Dendritic cell entrapment within the pregnant uterus inhibits immune surveillance of the maternal/fetal interface in mice Collins, M. K. et al. J. Clin. Invest. 119, 2062–2073 (2009)(doi:10.1172/JCI38714)

In this study the authors examined the role of uterine dendritic cells (DCs) in the induction of T cell responses against the fetus or placenta in pregnant mice. They observed that formation of the decidua during pregnancy inhibited the migration of uterine DCs to the draining lymph nodes, even after the injection of lipopolysaccharide. This was not due to a cell-intrinsic defect, as purified DCs retained the ability to migrate towards CC-chemokine ligand 21 (CCL21; the chemokine required for migration to lymph nodes) in vitro. However, when the intact tissue explant was cultured in vitro the DCs failed to emigrate. This indicates that the decidua (which also had low Ccl21 mRNA transcript levels) does not support DC chemotaxis to the lymph nodes and instead 'traps' DCs in the uterus, thereby minimizing the exposure of maternal T cells to fetal and placental antigens.

Cytokines

Suppression of interleukin-33 bioactivity through proteolysis by apoptotic caspases Lüthi, A. U. et al. Immunity 25 Jun 2009 (doi:10.1016/j.immuni.2009.05.007)
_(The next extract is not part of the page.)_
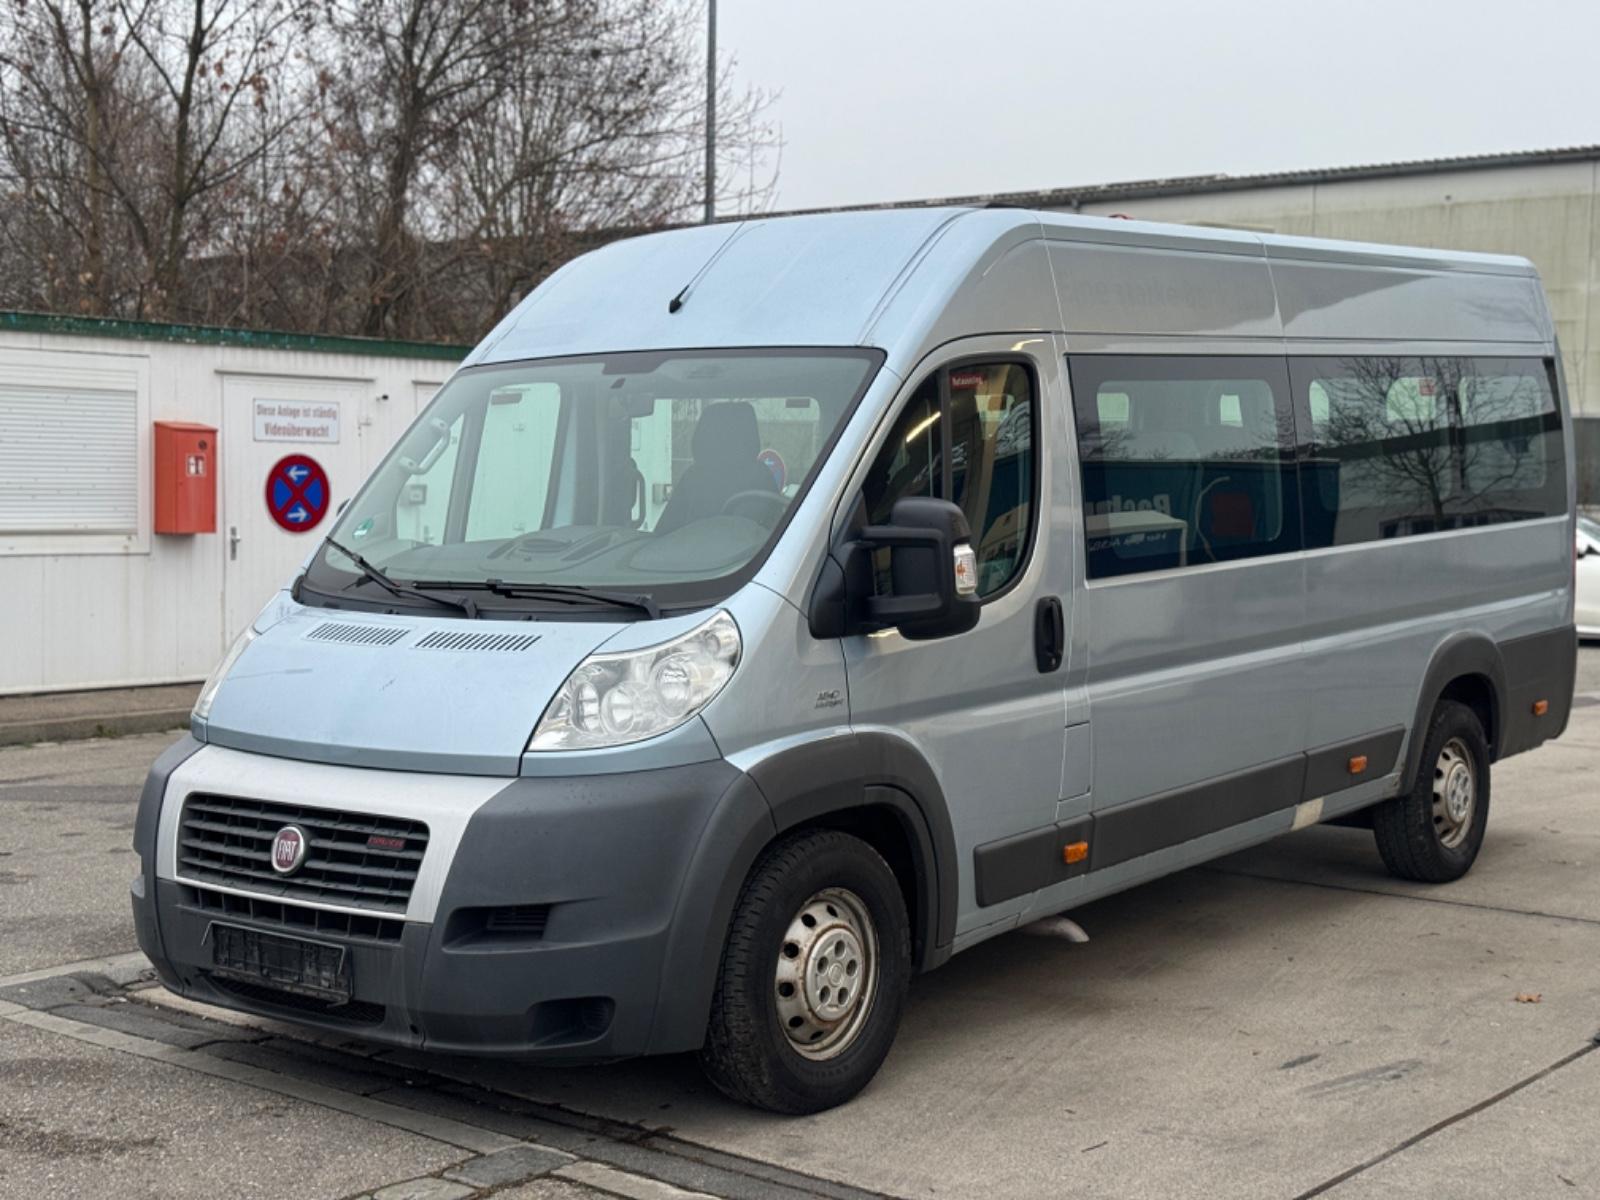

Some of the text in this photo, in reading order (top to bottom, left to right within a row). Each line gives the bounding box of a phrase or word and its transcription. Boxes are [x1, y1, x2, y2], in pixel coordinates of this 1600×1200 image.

The interleukin-1 (IL-1) family member IL-33 is a recently described pro-inflammatory cytokine and was thought to be activated by caspase 1-mediated proteolysis. However, this study now shows that IL-33 is not a substrate for inflammatory caspases such as caspase 1. Instead, IL-33 is processed by caspases that are activated during apoptosis (caspase 3 and caspase 7). Caspase-mediated proteolysis of IL-33 was not necessary for its biological activities, such as activation of the transcription factor nuclear factor-κB, but instead attenuated the biological activity of IL-33 in vitro and in vivo and increased its susceptibility to protease degradation. The authors suggest that proteolysis of IL-33 may help to dampen the potential pro-inflammatory effects of apoptotic cell death.